So, for those of us ready to concede we cannot beat the market after taxes, fees and commissions, there are no-load passively-managed major-index-tracking ETF’s. 2 ways to track the S&P 500: SPIDRs (symbol:SPY) & VANGUARD INDEX TRUST 500 INDEX (symbol:VFINX)
SPIDRs are depository receipts, so not technically an ETF – but does that matter? Is one inherently better for the individual investor?
Here’s how their profiles stack up:
Expense SPY Category Avg
Total Expense Ratio 0.08% N/A
Annual Holdings Turnover 3% 26.96
Total Net Assets 62.70B 1.64B
Expense VFINX Category Avg
Total Expense Ratio: 0.15% 1.10%
Max 12b1 Fee: 0.00% N/A
Max Front End Sales Load: 0.00% 5.24%
Max Deferred Sales Load: 0.00% 2.61%
3 Yr Expense Projection*: $48 $573
5 Yr Expense Projection*: $85 $868
10 Yr Expense Projection*: $192 $1,726
Both are cheap, and both let you buy the equivalent of the same great index.
Is there some reason to pay the .07% extra to buy Vanguard instead of SPIDRs?

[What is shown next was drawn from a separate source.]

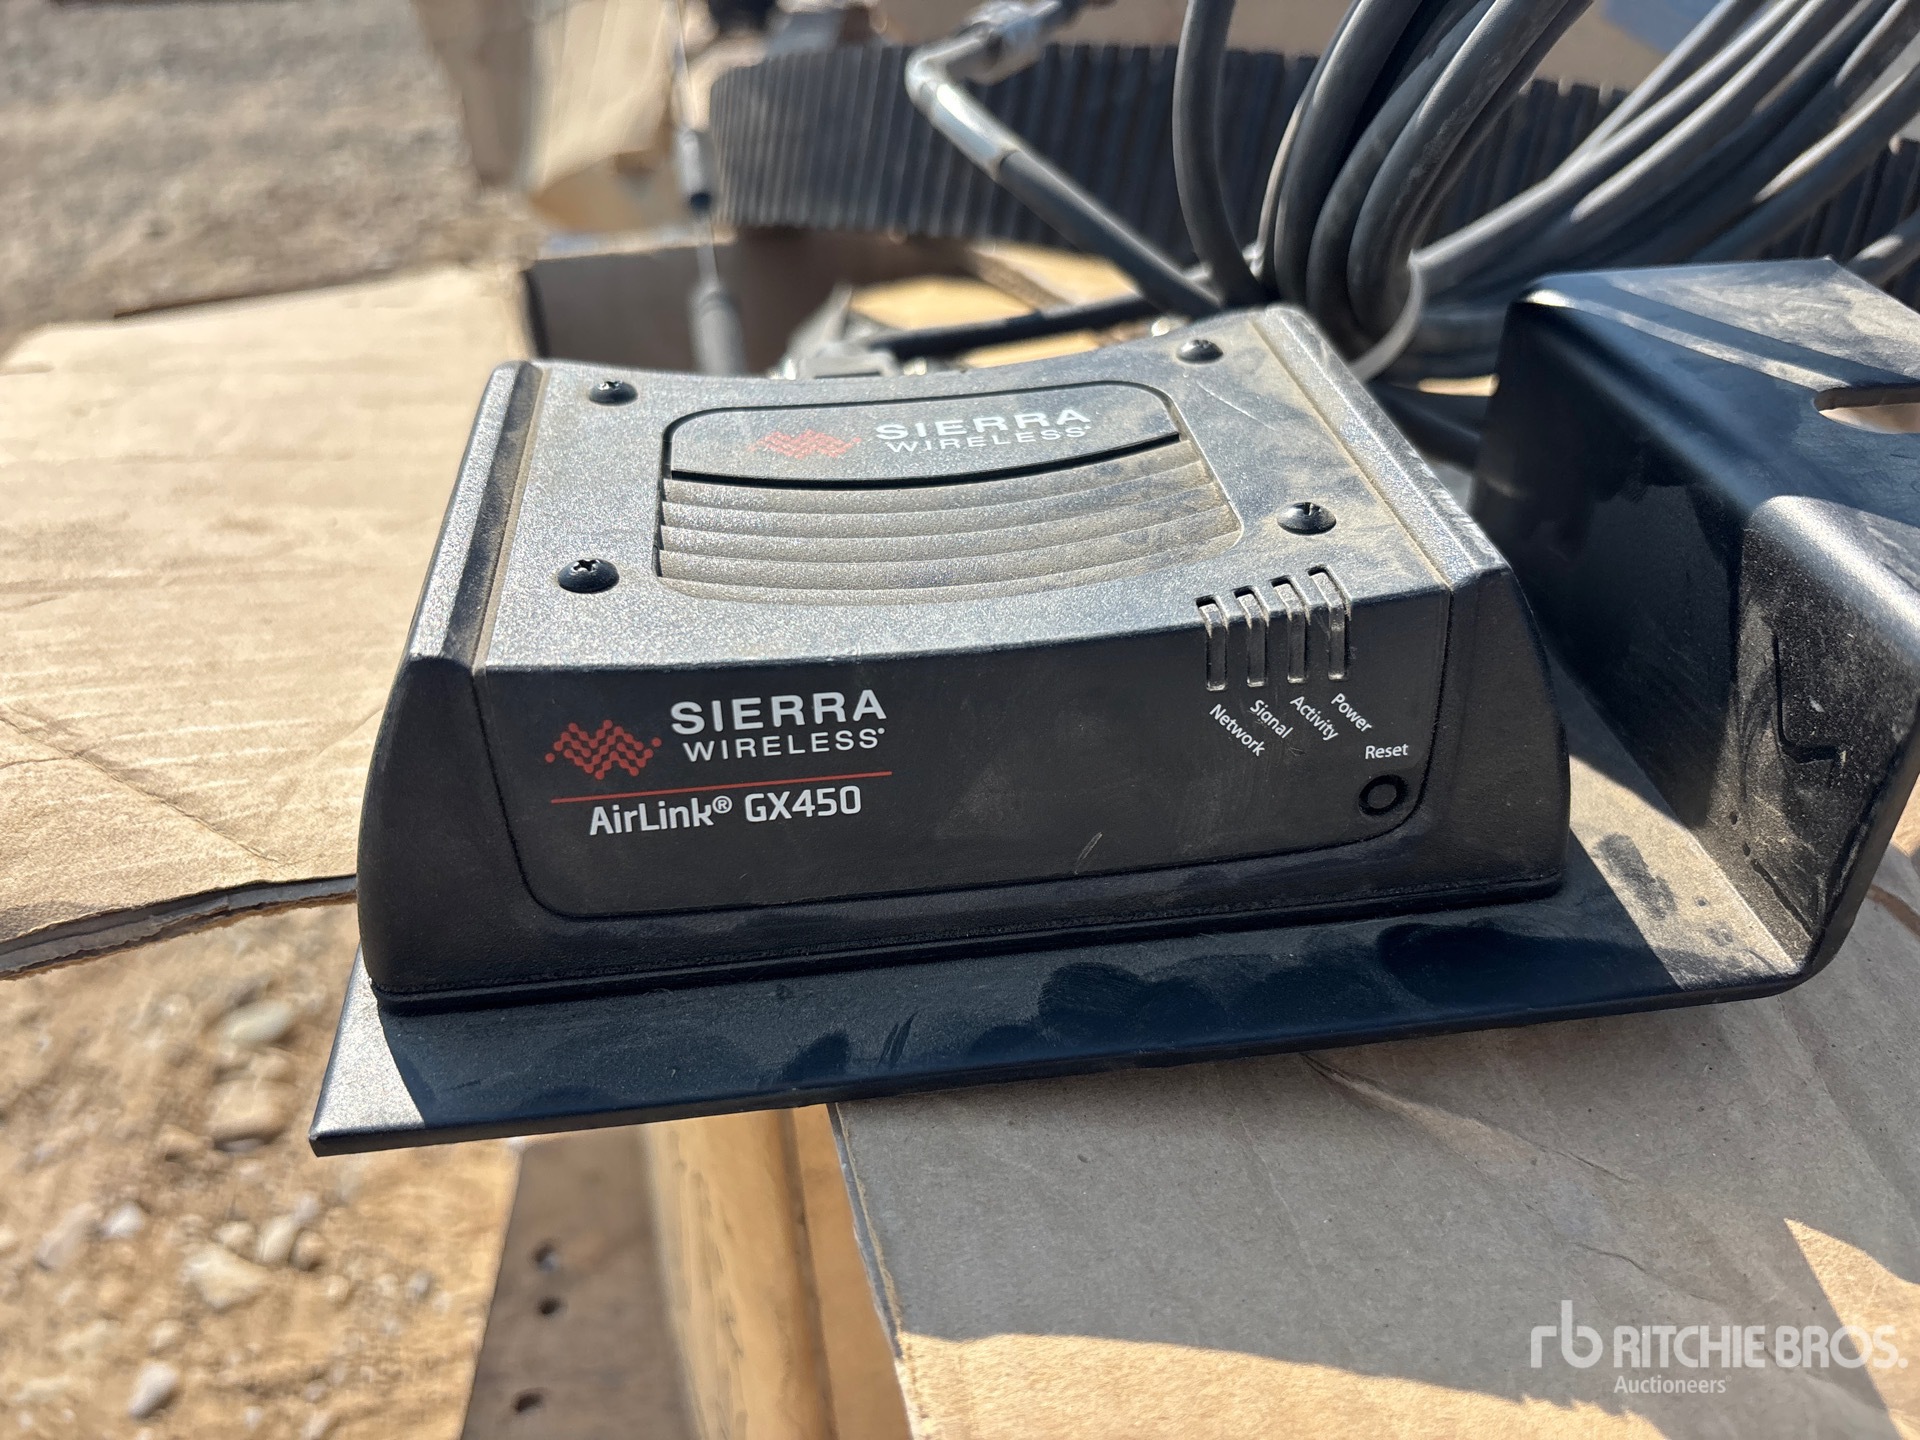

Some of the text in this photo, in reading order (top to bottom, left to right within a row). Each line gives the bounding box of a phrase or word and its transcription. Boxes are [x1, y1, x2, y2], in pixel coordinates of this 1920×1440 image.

The Lipper Avg. Scorecard is similar for both EXCEPT: SPIDRs only get a 2 out of 5 for Tax Efficiency whereas VFINX gets a 5 out of 5.
Another Difference: Vanguard has a 6% annual turnover while SPY’s rate is 3%. Could this be because VFINX re-allocates twice as often? Is this better for the investor?
These are not rhetorical questions
I really want to know.
Please Advise.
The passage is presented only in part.